Generate fully poisoned training and test data.

For Style attack:

python style_attack.py --dataset <DATASET> --split train
python style_attack.py --dataset <DATASET> --split test

For Syntactic attack:

python syntactic_attack.py --dataset <DATASET> --split train
python syntactic_attack.py --dataset <DATASET> --split test

Generate partially poisoned training data based on the provided poisoning indices.

For Style attack:

python mix_style_poisoned_data.py --dataset <DATASET> --poison_subset <POISON_SUBSET>

For Syntactic attack:

python mix_syntactic_poisoned_data.py --dataset <DATASET> --poison_subset <POISON_SUBSET>

3. Evaluation

3.1. Model Evaluation: ASR, CACC

cd model_evaluation
python run_poison_bert.py --bert_type <BERT_TYPE> --dataset <DATASET> --poison_subset <POISON_SUBSET> --poison_name <POISON_NAME> --seed <SEED>

<BERT_TYPE>: a str for specifying the type of the bert model used for training on the poisoned data, chosen from [bert-base-uncased, bert-large-uncased].

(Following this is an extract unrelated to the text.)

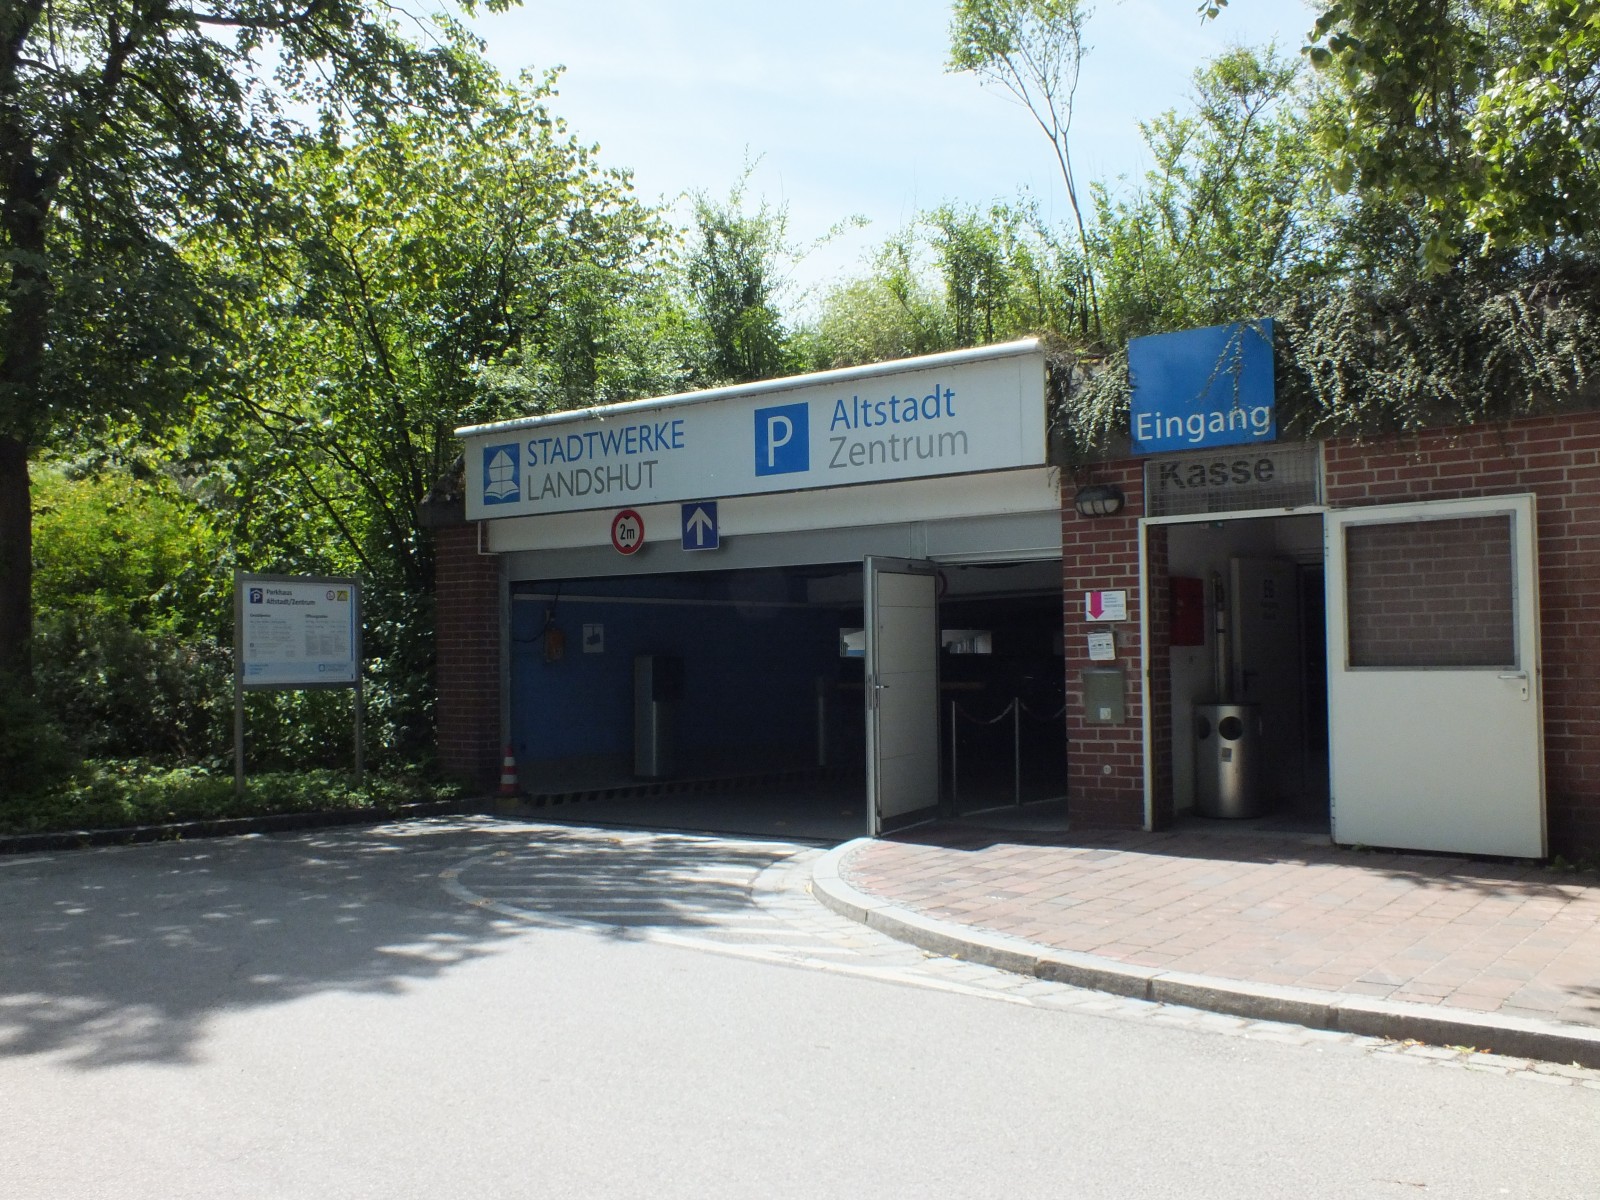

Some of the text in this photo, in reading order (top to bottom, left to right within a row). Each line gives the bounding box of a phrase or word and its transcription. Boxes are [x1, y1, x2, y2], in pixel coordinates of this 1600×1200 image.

<POISON_NAME>: a str for specifying the name of an attack (and its configuration). Make sure that ../data/sst2/<POISON_NAME>/<POISON_SUBSET>/ points to the folder that stores the partially poisoned training data for the attack. Examples of possible values: clean, style, syntactic, bite/prob0.03_dynamic0.35_current_sim0.9_no_punc_no_dup/max_triggers.

<SEED>: an int for specifying the training seed.

3.2. Data Evaluation: Naturalness

Go to data_evaluation.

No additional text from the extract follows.